Le rughe del viso si mostrano e le guance diventano un tutt’uno con il naso. La nostalgia si avverte da come pronuncia il nome del suo Paese: sottovoce. Una volta lasciato questo fardello la tristezza pervade i suoi occhi marroni facendoli diventare due piccole nocciole. Lui è Alì.
Alì nel 2008 scappa dal Kurdistan turco a causa della politica aggressiva del governo contro la minoranza alla quale appartiene.

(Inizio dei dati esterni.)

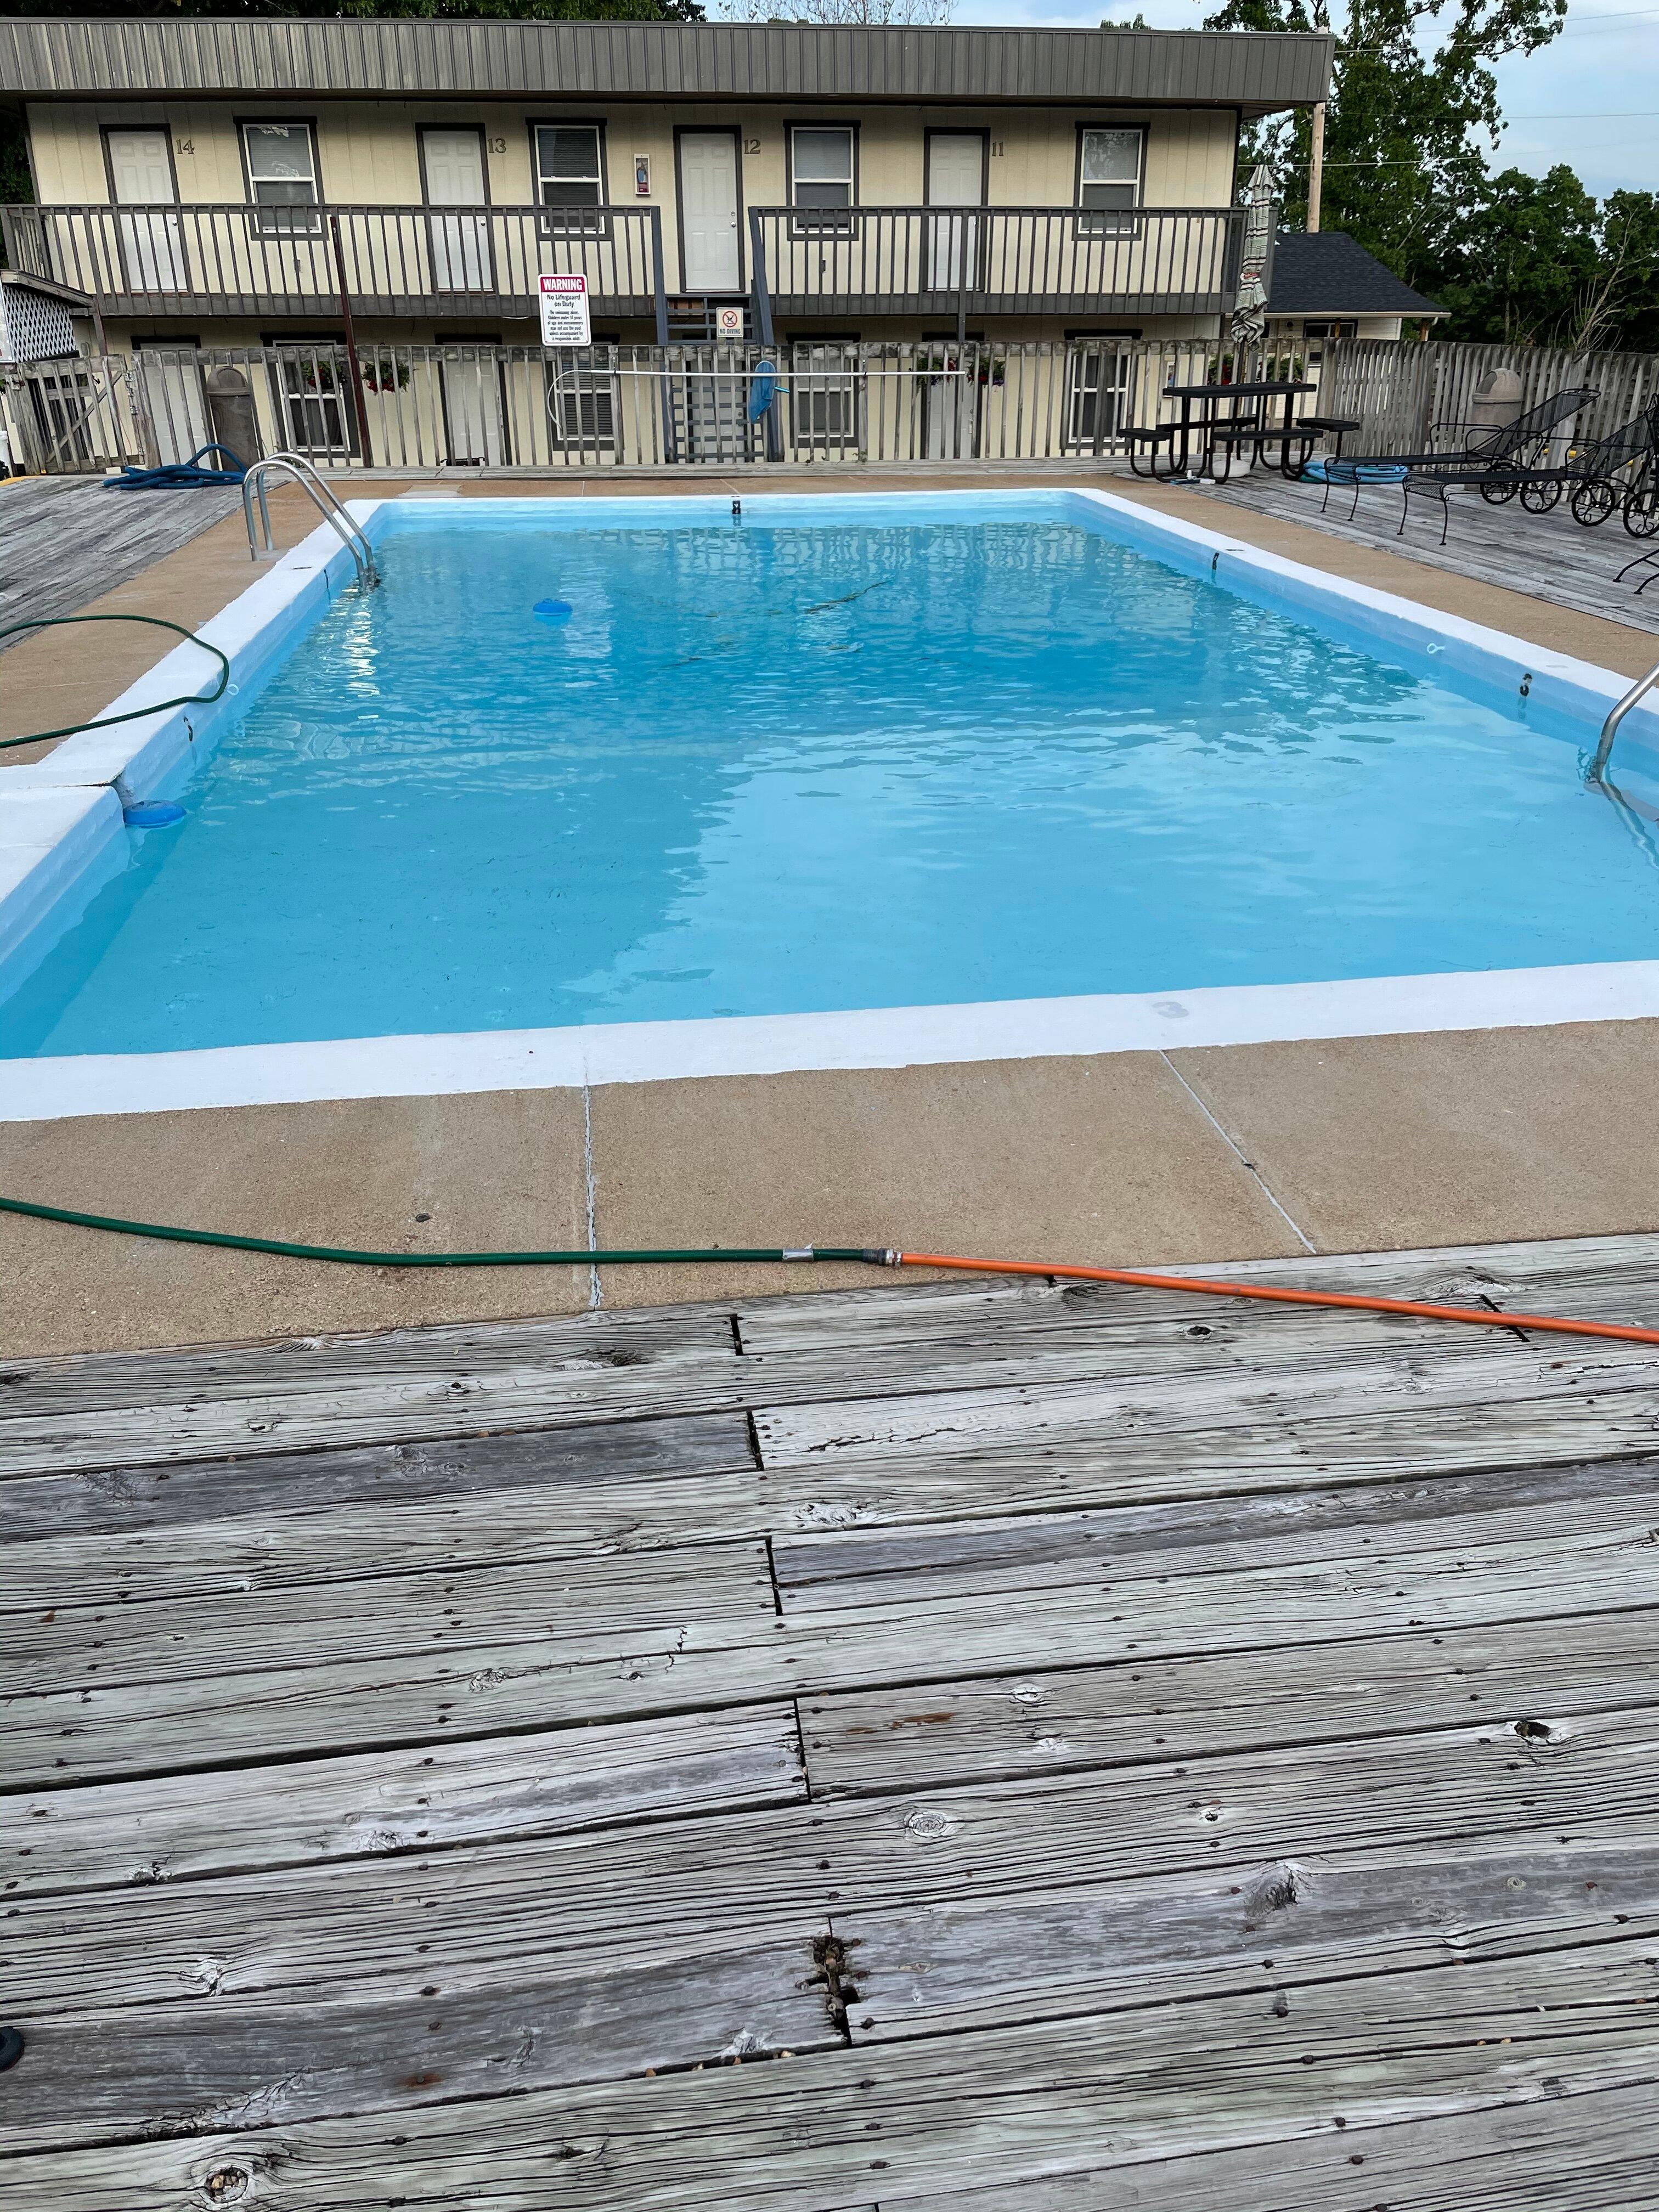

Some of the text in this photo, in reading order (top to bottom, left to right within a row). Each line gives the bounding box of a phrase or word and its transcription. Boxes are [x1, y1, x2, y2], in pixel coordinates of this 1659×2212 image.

Inizialmente, la vita lo ha portato a lavorare in una tipografia a Rimini dove è rimasto stabilmente per oltre dieci anni. La città sulla Riviera romagnola la trova diversa da Milano: è riuscito a vivere serenamente, senza fretta o senza paura di non essere accettato, costruendo amicizie solide a cui tutt’ora fa affidamento.
Oro Istanbul, poco distante dall’aeroporto Milano Linate, è il piccolo locale di kebab in cui lavora.

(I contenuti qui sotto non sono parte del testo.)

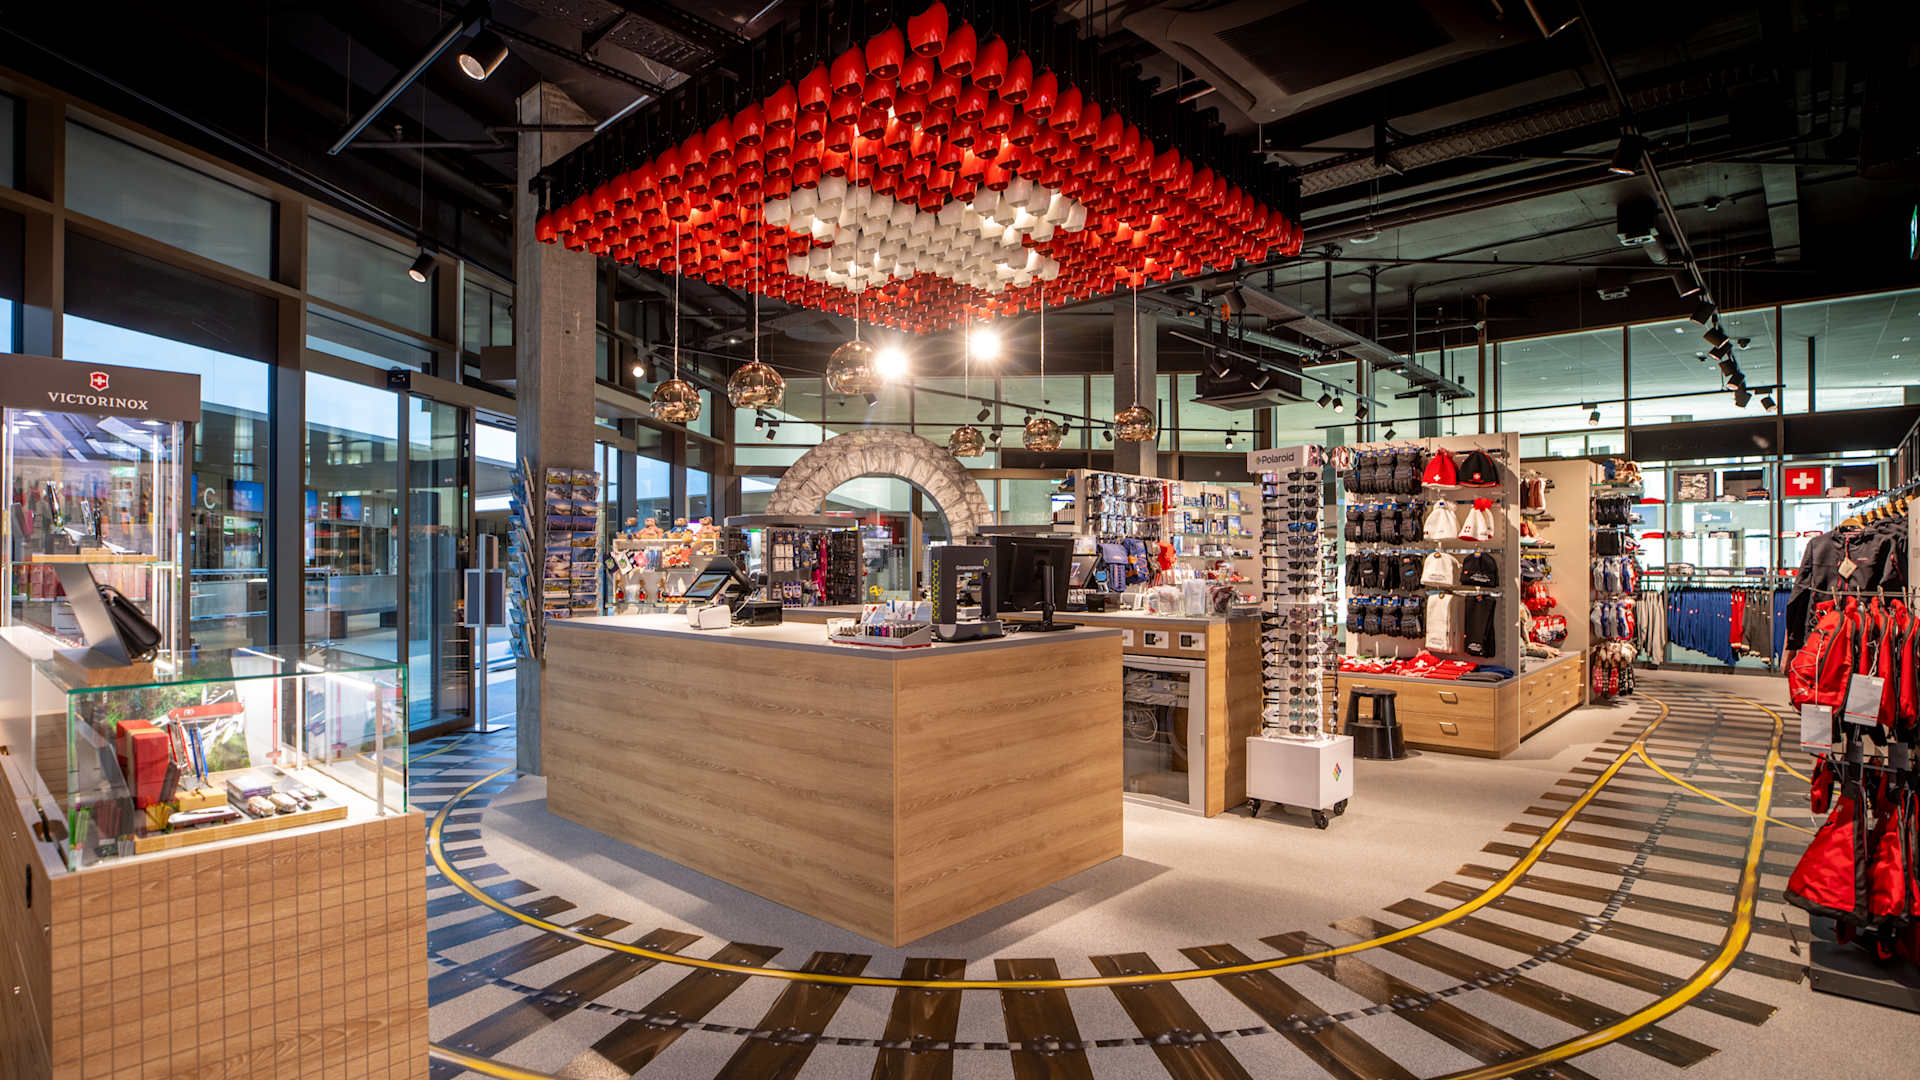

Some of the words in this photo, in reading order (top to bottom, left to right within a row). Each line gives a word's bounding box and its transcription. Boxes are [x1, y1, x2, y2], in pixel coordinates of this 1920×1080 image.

[48, 392, 149, 410] VICTORINOX
[1262, 453, 1295, 464] Polaroid
[203, 487, 216, 509] C
[321, 501, 329, 519] E
[363, 505, 371, 523] F

Il rione Forlanini che fa da cornice al locale è composto da vie moderne, facciate dei palazzi aggettanti e graffiti a un forte significato sociale. Il cupo grigiore del pomeriggio promette pioggia ma Alì non piange, sorride .
Prepara con velocità e attenzione il menù kebab ad una cliente e nel mentre racconta del quartiere in cui vive. Prende il pane. Detesta profondamente la metro: troppo confusionaria. “Che ci mettiamo dentro? Pomodoro?”, si interrompe. “Anche un po’ di cipolla e insalata”, risponde la cliente. “La gente va di fretta, corre veloce. Vorrei solo parlare qualche volta”, continua mentre accontenta la richiesta. Alì si è trasferito a Milano per necessità familiare e si è adeguato in fretta al ritmo milanese imparando ad amare e accettare tutte le sfumature del suo quartiere. “Mi scusi, anche della maionese per favore”, interrompe la ragazza dolcemente, quasi avvertendo la scarsa gentilezza usata poco prima. Paga ed esce dalla grande porta finestra bianca.
Quel che lo ha più colpito vivendo in questo quartiere a fianco a Linate è il poco rispetto che i ragazzi hanno per la loro stessa terra: “A volte mi capita di parlare con persone molto giovani che non fanno altro che lamentarsi di come gli vanno le cose, della loro città, della loro vita. Non sanno della fortuna che hanno. Voglio difendere l’Italia come se fosse il mio Paese, credo di essere debitore a stare qui”. “Voglio difendere l’Italia come se fosse il mio Paese, credo proprio di esserle debitore”
Si appoggia al bancone e socchiude gli occhi. Corruga la fronte e sospira. Alì non ha la cittadinanza ma vorrebbe vivere in Italia per tanto altro tempo, forse per tutta la vita.